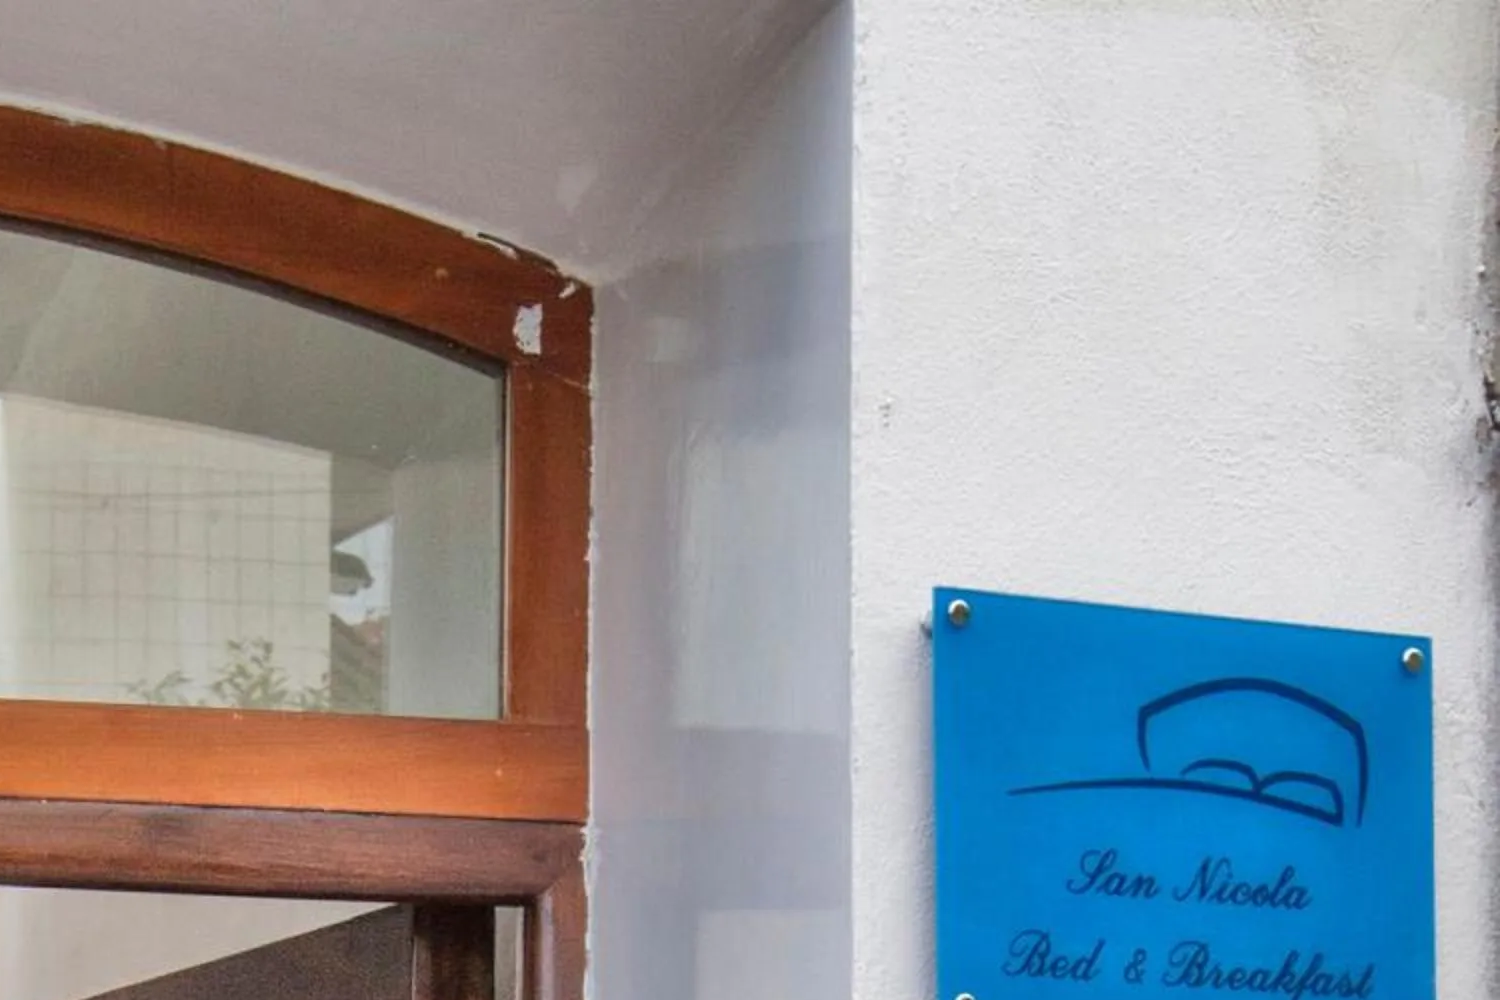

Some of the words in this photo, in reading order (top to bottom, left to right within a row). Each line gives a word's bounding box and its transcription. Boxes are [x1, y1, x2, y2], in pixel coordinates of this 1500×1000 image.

[1066, 848, 1161, 899] San
[1171, 857, 1313, 910] Nicola
[1001, 929, 1106, 982] Bed
[1123, 948, 1147, 984] &

## Task
Set the pictures aside and reproduce the data above exactly.

## Task response
Some of the words in this photo, in reading order (top to bottom, left to right within a row). Each line gives a word's bounding box and its transcription. Boxes are [x1, y1, x2, y2], in pixel coordinates of this 1500×1000 image.

[1066, 848, 1161, 899] San
[1171, 857, 1313, 910] Nicola
[1001, 929, 1106, 982] Bed
[1123, 948, 1147, 984] &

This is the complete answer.